Ontem eu comi uma ostra, uma ostra feita de açafrão.
Vermelho.
Feito sangue mensal de mulher. Fiquei voando, assim. Depois fui andar pertinho do rio, tinha borboletas. Uma era azul com as asas flamejantes. Riscava o céu e deixava um rastro de fumaça atrás dela. O seu rabo, pequena chama laranja, caiu em meu chapéu e eu acendi o meu cigarro. Ah sim, meu cigarro tem nome. Ele se chama Sinhôran.
Sinhôran vive na minha boca a me suscitar bobagens, blasfêmias, batuques e saliva amarga que eu gosto de engolir. Mas eu só gosto de engolir saliva amarga, as blafêmias, eu engulo para que não pularem para o resto do mundo e se transformarem em fiapo de brasa doida em mato verde.
Eu adoro um mato verde e adoro Sinhôran.
De madrugada, depois do passeio perto do rio, eu sentei no alto de uma ribanceira e estava como que a um palmo do céu - ainda bem que não era de manhã, o sol me faria suar demais. Sentia um fedor enorme. Uma nuvem tenebrosa e pálida se esfregou em mim, um silêncio chato e grande demais tomou conta da ribanceira inteira, estranhei. Meu corpo tremeu. De repente, sair rolando ribanceira a baixo e meu cavalo me levou para tomar um banho, estava precisando. Aprendi. Não tem necessidade, só perigo, me aproximar tanto do céu.
Amanhã vou viajar. Vou de carro de boi. Carro de boi tem forma de dragão.
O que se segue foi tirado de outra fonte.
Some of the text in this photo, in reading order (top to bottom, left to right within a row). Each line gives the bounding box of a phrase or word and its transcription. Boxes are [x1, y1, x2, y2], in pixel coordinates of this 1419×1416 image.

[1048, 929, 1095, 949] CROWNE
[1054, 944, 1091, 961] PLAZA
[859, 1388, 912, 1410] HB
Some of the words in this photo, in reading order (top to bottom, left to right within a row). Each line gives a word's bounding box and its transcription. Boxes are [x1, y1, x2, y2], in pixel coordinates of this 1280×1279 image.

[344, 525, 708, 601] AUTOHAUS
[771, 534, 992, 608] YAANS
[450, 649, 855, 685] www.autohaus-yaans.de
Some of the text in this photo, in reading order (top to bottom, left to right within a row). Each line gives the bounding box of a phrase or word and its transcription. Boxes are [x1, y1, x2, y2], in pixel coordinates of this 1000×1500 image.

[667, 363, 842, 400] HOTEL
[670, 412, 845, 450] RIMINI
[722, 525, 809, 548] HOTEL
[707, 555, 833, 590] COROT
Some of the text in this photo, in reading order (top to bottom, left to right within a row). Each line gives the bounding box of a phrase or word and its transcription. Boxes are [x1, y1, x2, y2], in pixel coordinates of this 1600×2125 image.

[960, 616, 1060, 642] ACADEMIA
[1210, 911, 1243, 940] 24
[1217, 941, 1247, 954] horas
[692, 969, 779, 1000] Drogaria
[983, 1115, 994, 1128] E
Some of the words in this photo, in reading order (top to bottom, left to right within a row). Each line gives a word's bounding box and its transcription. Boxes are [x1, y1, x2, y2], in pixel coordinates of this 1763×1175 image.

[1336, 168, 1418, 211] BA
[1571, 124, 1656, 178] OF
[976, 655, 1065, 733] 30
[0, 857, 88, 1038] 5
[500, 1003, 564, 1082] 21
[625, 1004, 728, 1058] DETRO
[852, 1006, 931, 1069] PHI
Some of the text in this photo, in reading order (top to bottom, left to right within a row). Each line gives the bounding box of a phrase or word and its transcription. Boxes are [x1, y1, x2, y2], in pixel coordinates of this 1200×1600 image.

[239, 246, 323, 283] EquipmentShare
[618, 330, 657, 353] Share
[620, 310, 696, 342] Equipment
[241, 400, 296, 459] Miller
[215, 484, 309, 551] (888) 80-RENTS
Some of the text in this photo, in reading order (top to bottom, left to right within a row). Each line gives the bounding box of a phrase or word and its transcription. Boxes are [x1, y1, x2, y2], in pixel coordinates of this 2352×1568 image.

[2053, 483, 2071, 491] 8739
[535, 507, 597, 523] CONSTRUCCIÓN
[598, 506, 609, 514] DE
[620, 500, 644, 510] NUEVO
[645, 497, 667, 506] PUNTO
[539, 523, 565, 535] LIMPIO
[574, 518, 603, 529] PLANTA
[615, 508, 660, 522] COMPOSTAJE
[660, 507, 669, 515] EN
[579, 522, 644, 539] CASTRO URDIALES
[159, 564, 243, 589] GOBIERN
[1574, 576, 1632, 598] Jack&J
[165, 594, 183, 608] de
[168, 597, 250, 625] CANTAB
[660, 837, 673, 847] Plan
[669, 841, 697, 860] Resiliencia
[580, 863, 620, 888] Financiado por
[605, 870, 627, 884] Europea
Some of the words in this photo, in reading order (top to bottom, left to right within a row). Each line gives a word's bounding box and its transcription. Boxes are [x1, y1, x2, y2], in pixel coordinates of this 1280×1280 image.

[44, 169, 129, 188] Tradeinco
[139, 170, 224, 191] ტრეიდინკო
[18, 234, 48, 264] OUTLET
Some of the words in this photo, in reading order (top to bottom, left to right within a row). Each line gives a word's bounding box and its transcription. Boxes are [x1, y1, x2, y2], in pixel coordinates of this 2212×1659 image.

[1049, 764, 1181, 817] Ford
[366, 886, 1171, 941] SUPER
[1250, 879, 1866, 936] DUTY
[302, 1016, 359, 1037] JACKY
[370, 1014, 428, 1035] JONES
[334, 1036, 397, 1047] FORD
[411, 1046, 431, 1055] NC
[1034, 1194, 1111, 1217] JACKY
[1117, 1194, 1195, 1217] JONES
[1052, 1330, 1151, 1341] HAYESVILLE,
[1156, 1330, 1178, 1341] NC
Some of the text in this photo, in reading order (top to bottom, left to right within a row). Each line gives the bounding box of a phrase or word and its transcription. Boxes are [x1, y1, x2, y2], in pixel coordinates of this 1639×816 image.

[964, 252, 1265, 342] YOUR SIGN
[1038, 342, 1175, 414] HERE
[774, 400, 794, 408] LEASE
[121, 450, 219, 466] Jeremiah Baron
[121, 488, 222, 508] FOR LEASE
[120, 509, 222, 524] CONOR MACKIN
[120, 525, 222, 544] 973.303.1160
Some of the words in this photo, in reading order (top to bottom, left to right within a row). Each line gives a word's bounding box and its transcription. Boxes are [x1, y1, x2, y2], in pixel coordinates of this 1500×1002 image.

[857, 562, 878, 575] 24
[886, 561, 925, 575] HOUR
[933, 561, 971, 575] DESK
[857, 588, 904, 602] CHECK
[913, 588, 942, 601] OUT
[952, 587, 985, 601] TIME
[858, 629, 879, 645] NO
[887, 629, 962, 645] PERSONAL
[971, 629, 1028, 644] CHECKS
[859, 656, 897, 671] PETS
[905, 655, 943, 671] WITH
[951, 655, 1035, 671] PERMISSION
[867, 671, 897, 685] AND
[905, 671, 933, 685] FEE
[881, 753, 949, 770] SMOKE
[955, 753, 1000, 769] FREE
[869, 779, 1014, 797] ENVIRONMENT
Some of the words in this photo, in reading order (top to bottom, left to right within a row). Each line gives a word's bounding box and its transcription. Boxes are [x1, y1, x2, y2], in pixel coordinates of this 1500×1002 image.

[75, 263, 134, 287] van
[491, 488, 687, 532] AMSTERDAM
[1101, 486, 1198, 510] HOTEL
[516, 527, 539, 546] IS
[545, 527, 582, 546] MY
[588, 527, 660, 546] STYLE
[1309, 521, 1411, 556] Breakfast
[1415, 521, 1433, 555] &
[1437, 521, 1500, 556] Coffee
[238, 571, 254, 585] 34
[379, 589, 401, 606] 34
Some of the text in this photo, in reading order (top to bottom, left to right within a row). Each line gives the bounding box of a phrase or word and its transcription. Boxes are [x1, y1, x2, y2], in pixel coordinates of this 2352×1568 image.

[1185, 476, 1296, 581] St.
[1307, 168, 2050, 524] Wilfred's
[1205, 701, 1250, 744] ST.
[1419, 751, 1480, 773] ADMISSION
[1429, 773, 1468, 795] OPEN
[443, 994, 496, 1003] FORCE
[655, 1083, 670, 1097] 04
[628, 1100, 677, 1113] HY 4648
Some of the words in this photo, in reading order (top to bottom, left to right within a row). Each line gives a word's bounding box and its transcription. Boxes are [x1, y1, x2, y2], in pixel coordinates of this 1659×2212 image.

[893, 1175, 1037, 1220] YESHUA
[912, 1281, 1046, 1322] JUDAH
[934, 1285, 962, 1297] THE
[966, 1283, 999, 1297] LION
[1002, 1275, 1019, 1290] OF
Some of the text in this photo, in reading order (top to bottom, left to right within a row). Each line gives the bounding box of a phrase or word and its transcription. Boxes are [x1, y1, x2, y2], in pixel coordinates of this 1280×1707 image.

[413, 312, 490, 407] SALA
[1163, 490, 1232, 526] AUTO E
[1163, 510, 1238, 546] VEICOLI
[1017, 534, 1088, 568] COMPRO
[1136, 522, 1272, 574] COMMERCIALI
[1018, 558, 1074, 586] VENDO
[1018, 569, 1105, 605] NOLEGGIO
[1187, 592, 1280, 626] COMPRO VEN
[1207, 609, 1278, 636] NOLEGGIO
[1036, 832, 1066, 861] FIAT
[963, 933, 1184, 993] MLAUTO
terça-feira, 21 de julho de 2009

Zé Dendágua

Guirigó nunca teve problema com a sua guiriguisse. Para alguns ele era Guirigó até demais, mas ele mesmo era só Guirigó. Seu tamanho nunca foi medida para as consequências dos seus atos, de tal forma que para alguns ele tava mais era para bandido-marginal merecedor de voz de cadeia do que meninisse na curva da ingenuidade. Assim sendo, era ele de cá e os outros de lá, a gente bem sabe disso. E numa dessas fez-se de o metro-e-vinte bandear distância qualquer. E foi mesmo. Parou foi na Baía de todos os santos (com a chegada de Guirigó, mais um diabo), nos mares grandes e desconhecidos pela gente de lá d´onde nasceu. E, se vindo do toco de gente que era, sempre foi o mistério de onde saía tanta, mas tanta molequeza, igualmente foi como ele parou lá em tanta distância. Talvez caiba aqui notar que os tantos e as distâncias entre o Guirigó e o mundo fossem tais, que seria indiferente o cá e o acolá. E assim, Guirigó encontrou o mar, e o mar encontrou Guirigó. A praia? Dos que dizem e ouviram conta-se que o filho-do se encontrou com as criaturas marítimas, c´as tartugas nadadoras, gigantes e chocadeiras! Quem contou primeiro foi o Joalin, levantador de paredes, que aceita trabalho até nas grandes distâncias. Conta que ele nas tartugas se agarrou e deixou que o levassem até onde elas fazem o ninho, igual os passarim.

- Das primeiras coisas que sempre se soube do muleque era seu gosto e cuidado com passarim. Nem o estilingue ele deixava que atirassem mais. Quando deparou com as criaturas ele disto deve ter se alembrado e pensado mais que elas eram os pássaros do mar. Ô mas que o muleque tinha que ter razão, e foi pra água sem saber nadar nem nada, só pra ver as tartuga nadar debaixo d´água.

E o que se conta, da parte que chega, era que o muleque até que tinha razão mesmo, que das tartuga só faltava o canto do pio. E aí, o que o Guirigó fez, ô Joalin?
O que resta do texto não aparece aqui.